Eggwhite Frittata with Roasted Vegetables
Eggwhite Frittata with Roasted Vegetables is the perfect breakfast. Excellent (fat free if you care) protein from the eggs white and the vitamins and minerals from the roasted vegetables it will provide you an excellent nutritional start to the day.
Prep Time 10 minutes mins
Cook Time 30 minutes mins
Total Time 40 minutes mins
Course Breakfast, brunch
Cuisine American
To roast vegetables
- 1/2 beetroot
- 1/2 pepper yellow
- 1/3 cup broccoli florets
- 1 tsp olive oil
- 1/2 tsp sea salt
For the Frittata
- 4 egg whites
- 2 tbsps cheese grated
- 1/2 tsp oregano dried
- 1 tsp olive oil
To roast the vegetables - peel and slice beetroot in thin slices.
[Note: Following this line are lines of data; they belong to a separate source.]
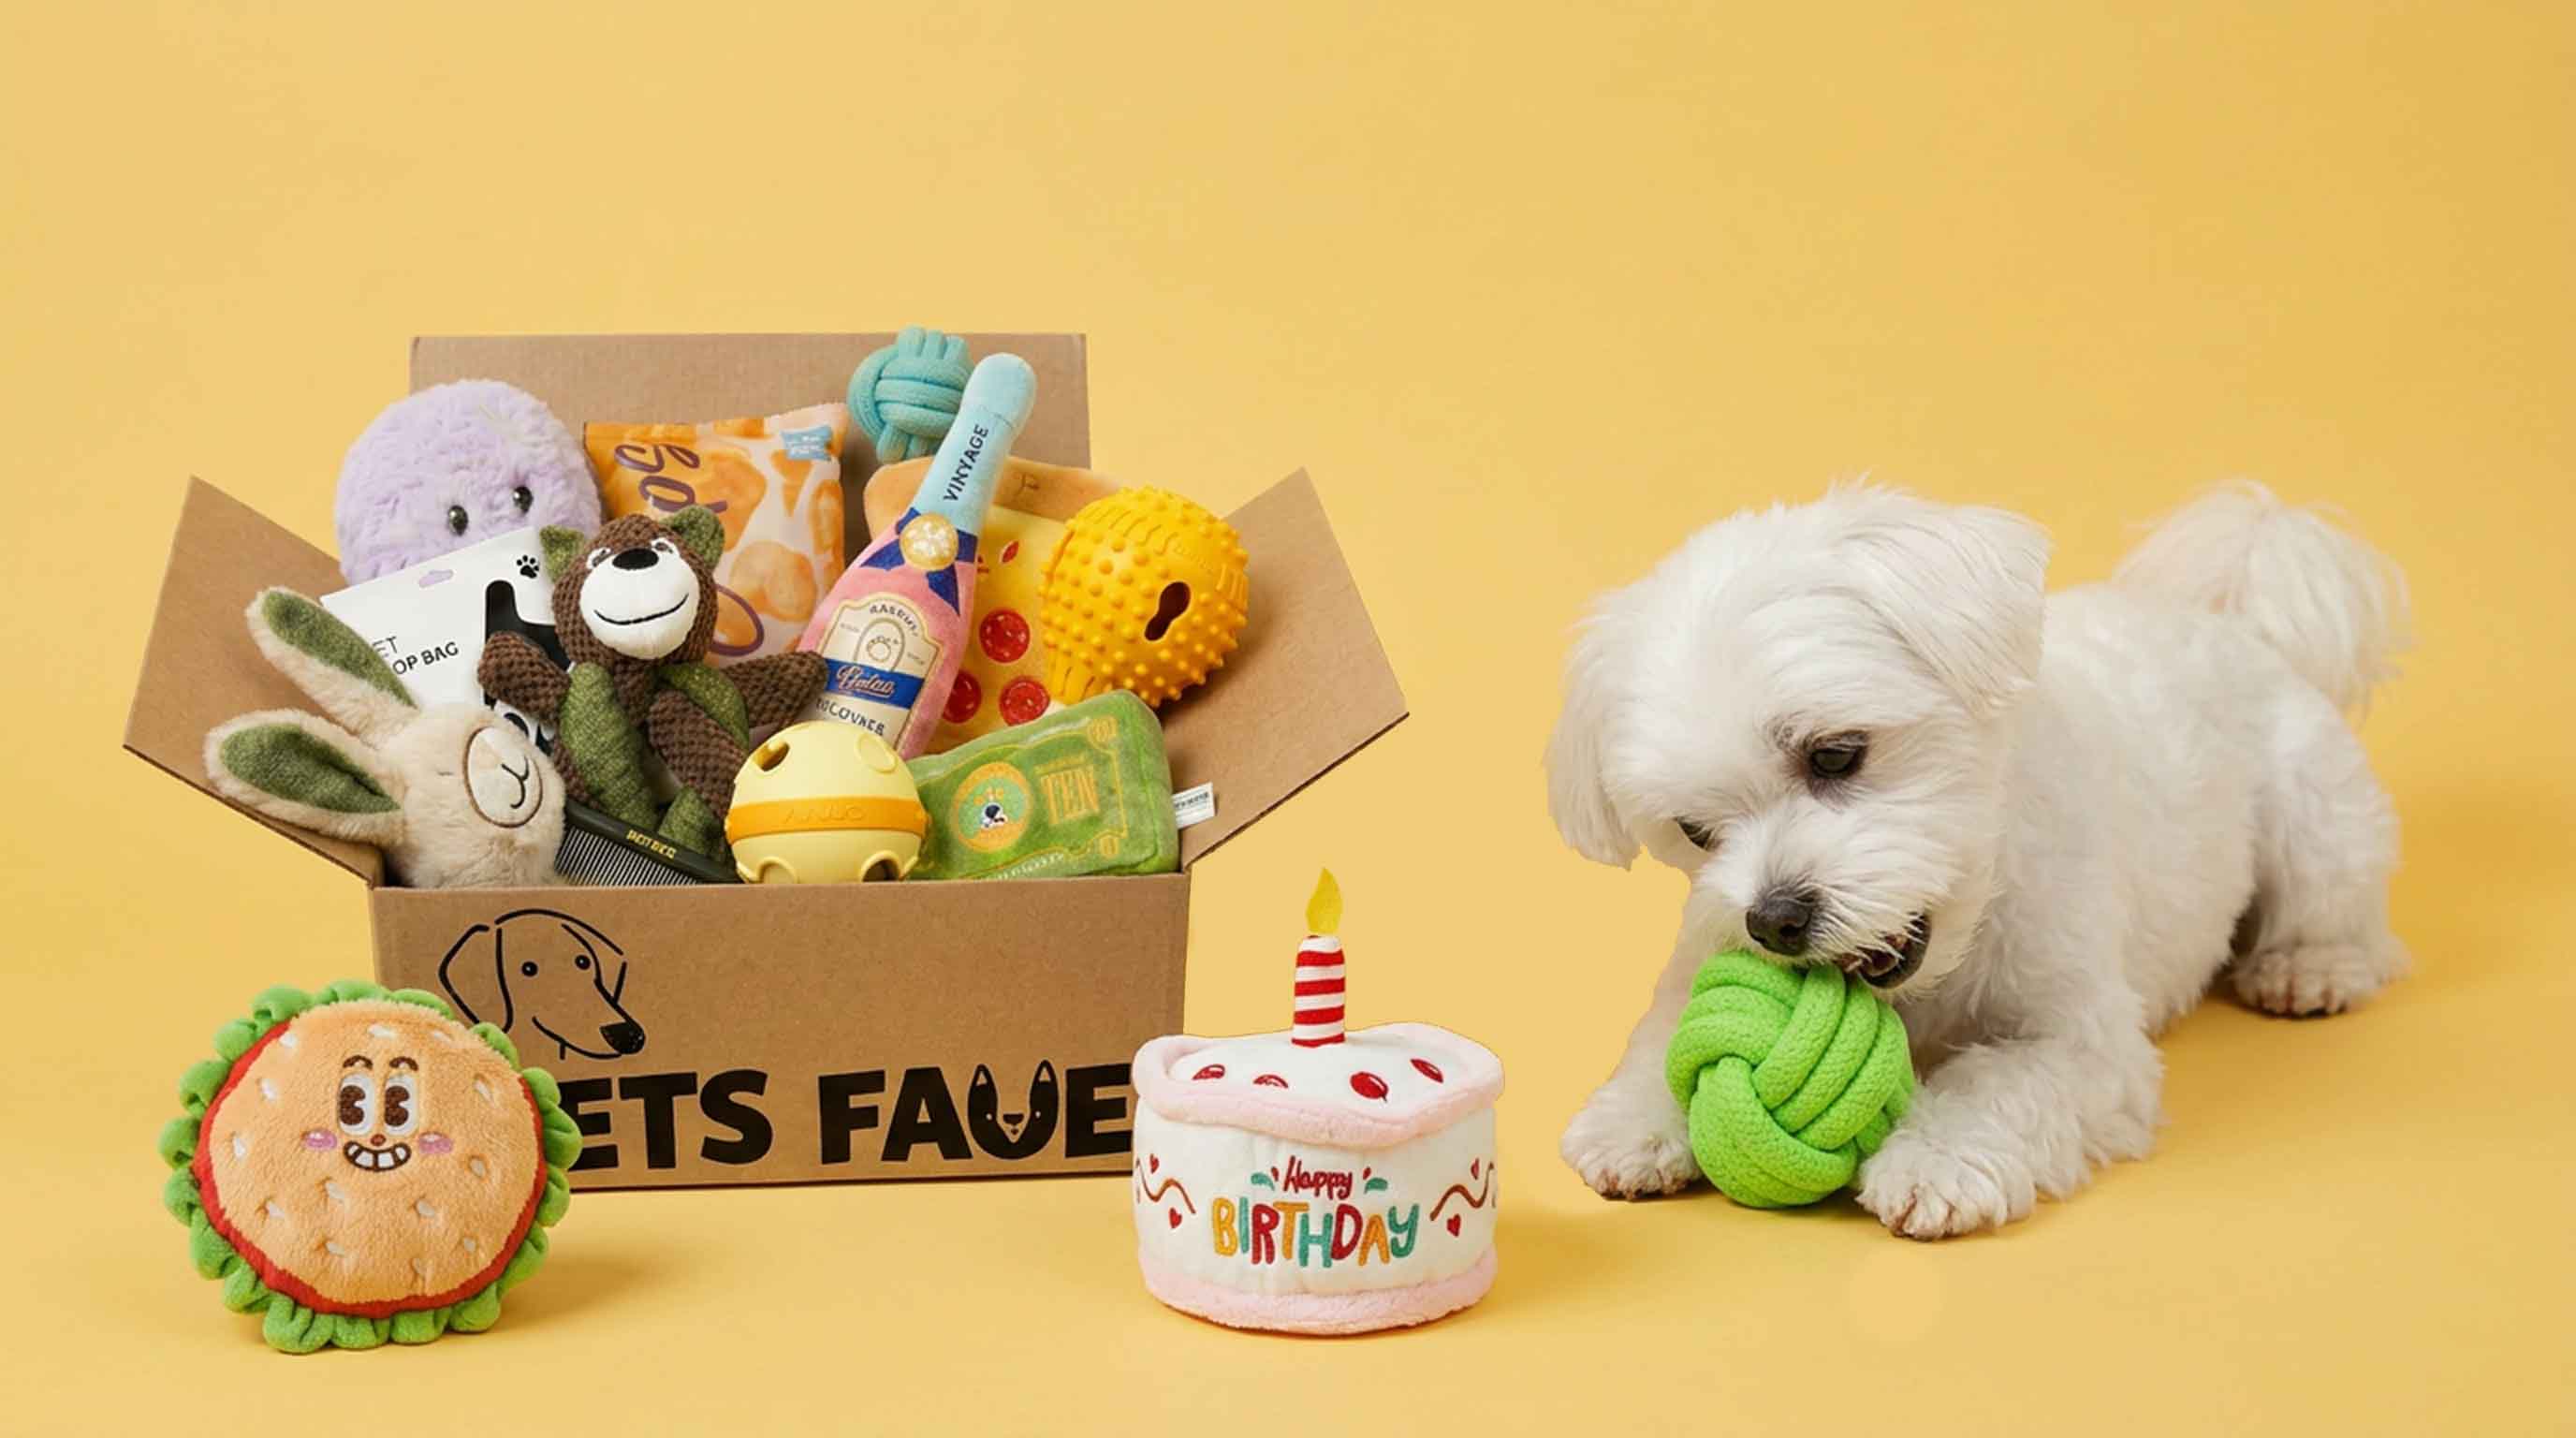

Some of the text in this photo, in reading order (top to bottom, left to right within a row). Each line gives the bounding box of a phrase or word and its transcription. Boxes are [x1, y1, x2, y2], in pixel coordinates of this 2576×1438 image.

[420, 641, 459, 666] BAG
[1040, 762, 1100, 826] TEN
[557, 1068, 773, 1172] ETS
[1283, 1154, 1354, 1200] Happy
[1212, 1196, 1420, 1269] BIRTHDAY
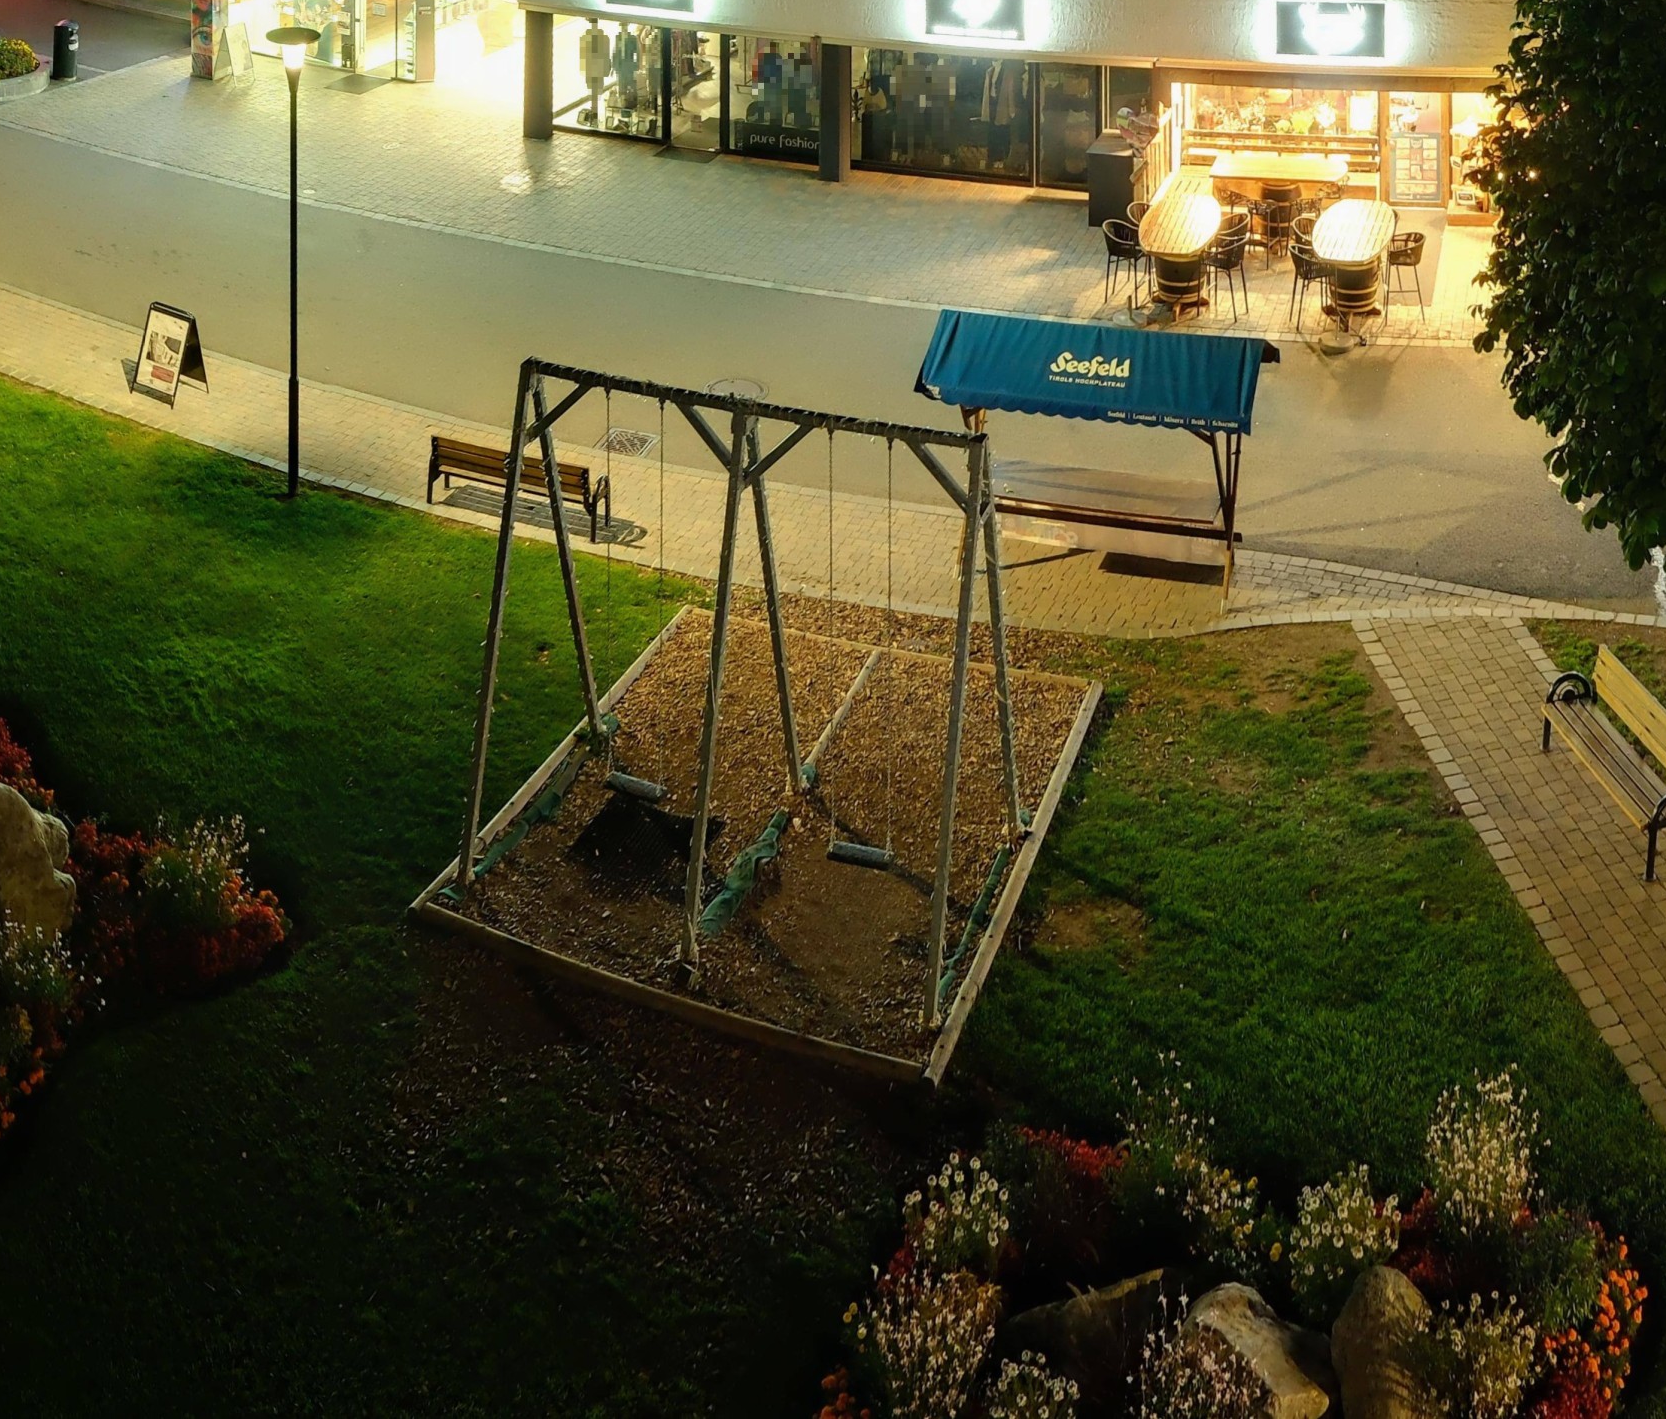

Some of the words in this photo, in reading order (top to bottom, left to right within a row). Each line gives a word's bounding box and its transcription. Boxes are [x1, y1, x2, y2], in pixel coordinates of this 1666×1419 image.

[749, 134, 776, 145] pure
[1050, 350, 1131, 379] Seefeld
[1048, 375, 1073, 383] TIROLS
[1075, 377, 1126, 388] HOCHPLATEAU
Discard the seeds of yellow pepper and slice thin. Coat all the vegetables with olive oil and salt and grill in a pre heated oven at 180 C for 15 minutes.
In a large bowl, beat egg whites, mix oregano and salt together.
Heat a cast iron pan and grease with olive oil, spread the roasted vegetables in the pan and pour the whisked eggs and spread the grated cheese on top.
Cover with a lid and cook on low flame for 8-10 minutes till fully set.